**Exercise objective:**
The reply should contain the full listing exactly as written and no pictures at all.

**Exercise material:**
*** Block opens ***

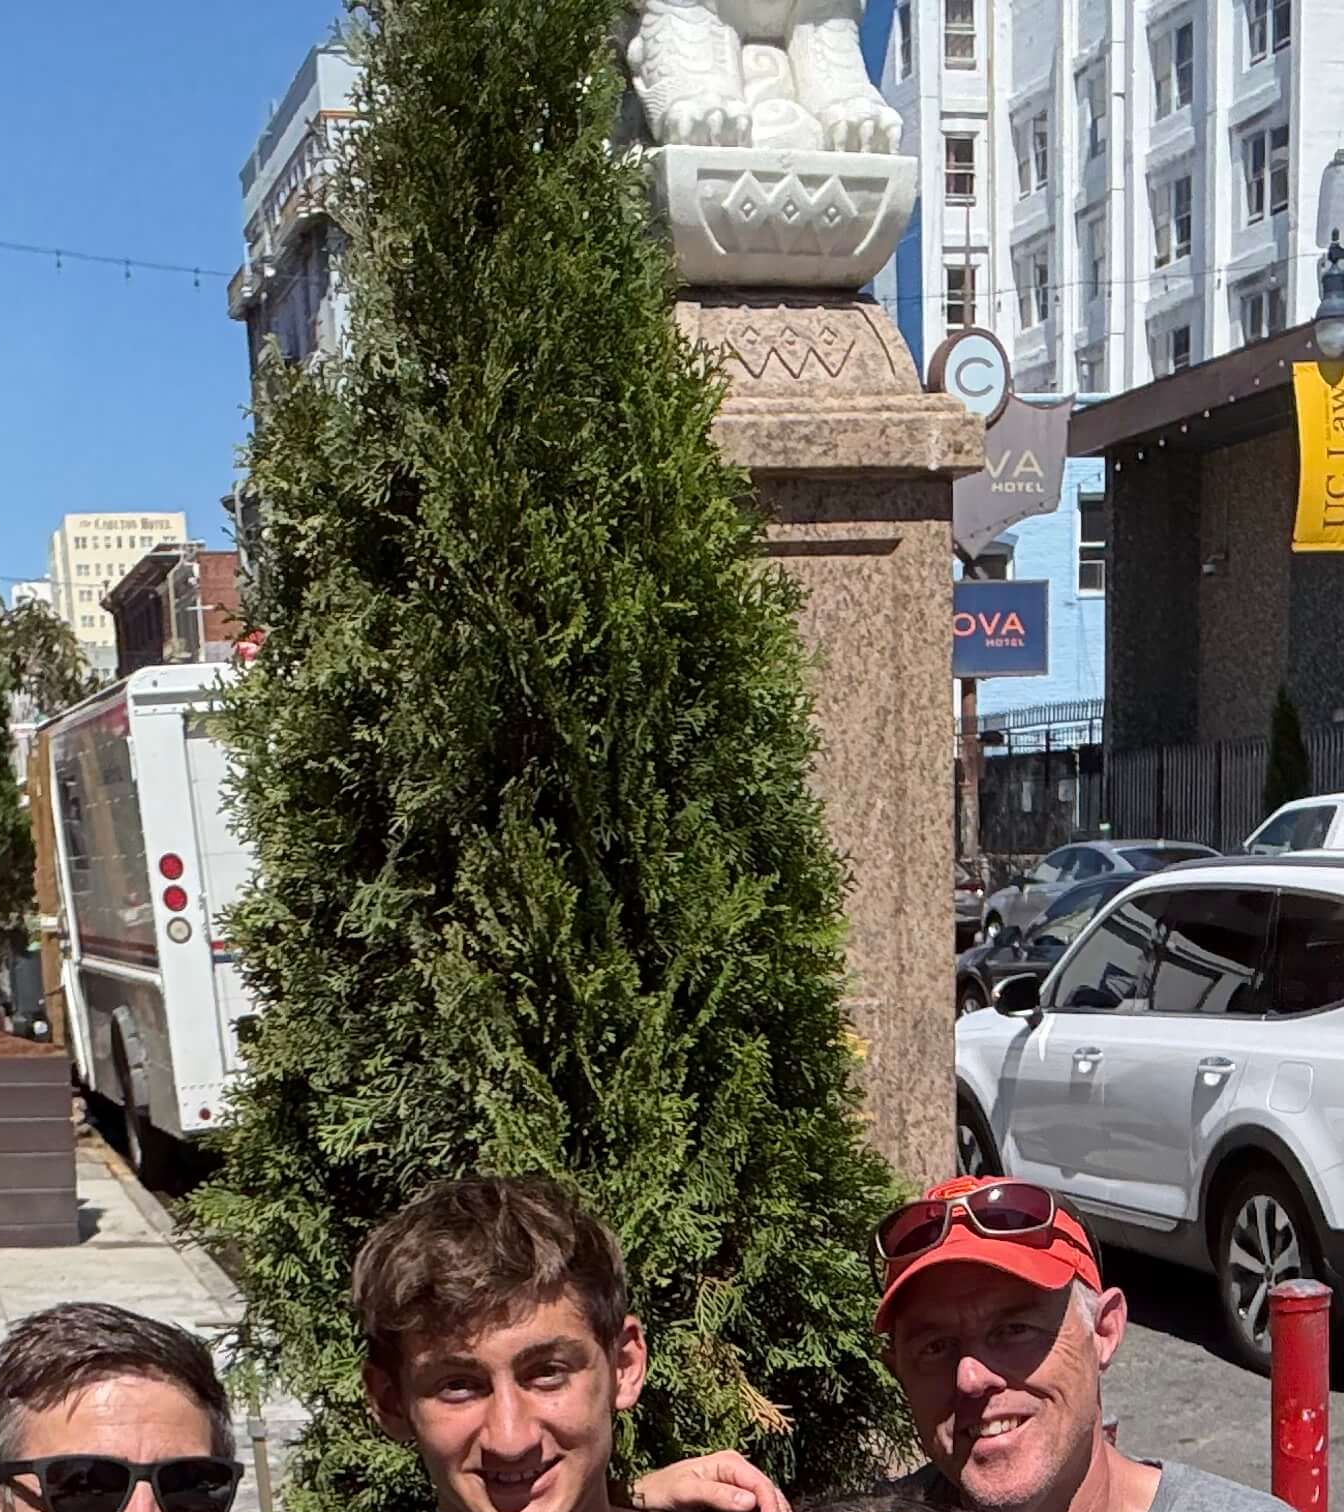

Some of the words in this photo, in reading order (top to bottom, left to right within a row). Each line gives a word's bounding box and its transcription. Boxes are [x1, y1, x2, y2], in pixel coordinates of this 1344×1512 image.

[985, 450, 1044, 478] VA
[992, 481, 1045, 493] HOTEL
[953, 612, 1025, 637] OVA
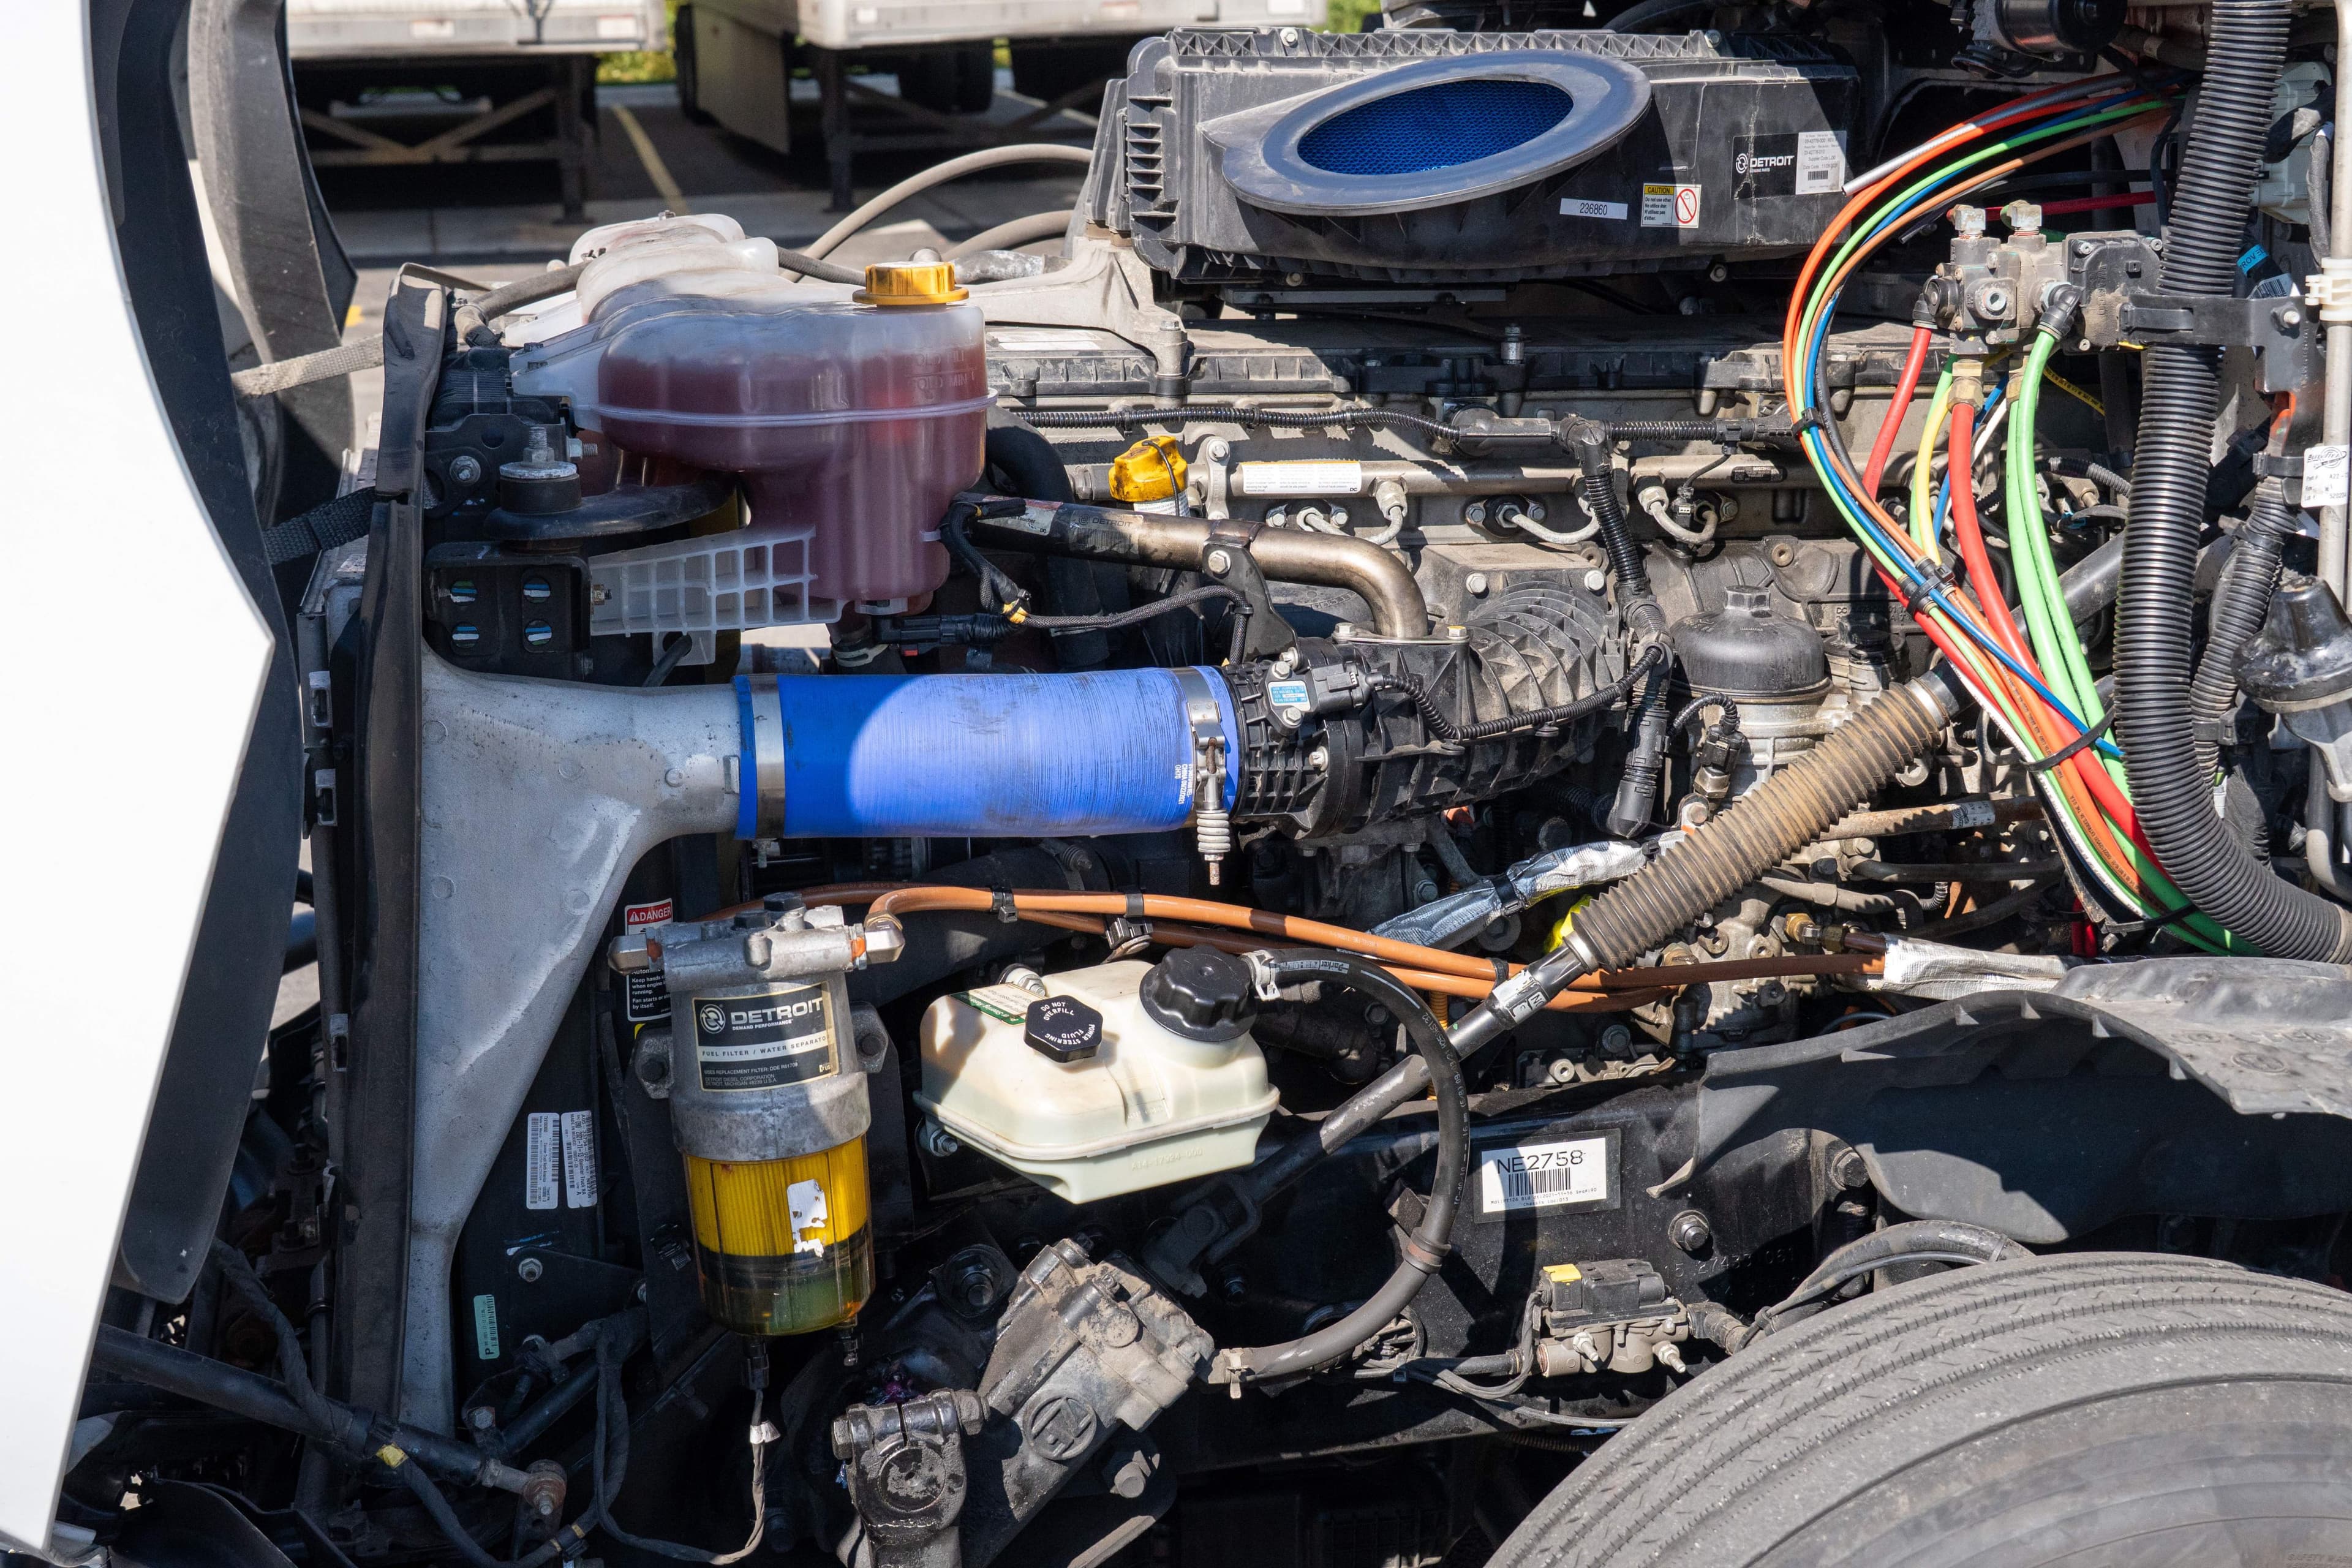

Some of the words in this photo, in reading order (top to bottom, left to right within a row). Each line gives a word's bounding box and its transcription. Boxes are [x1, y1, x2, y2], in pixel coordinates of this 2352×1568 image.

*** Block closes ***

**Answer:**
Some of the words in this photo, in reading order (top to bottom, left to right within a row). Each line gives a word's bounding box and its transcription. Boxes are [x1, y1, x2, y2], in pixel coordinates of this 1344×1512 image.

[985, 450, 1044, 478] VA
[992, 481, 1045, 493] HOTEL
[953, 612, 1025, 637] OVA

Some of the words in this photo, in reading order (top to bottom, left to right within a row). Each line gives a word's bounding box and its transcription. Boxes are [x1, y1, x2, y2], in pixel coordinates of this 2352×1568 image.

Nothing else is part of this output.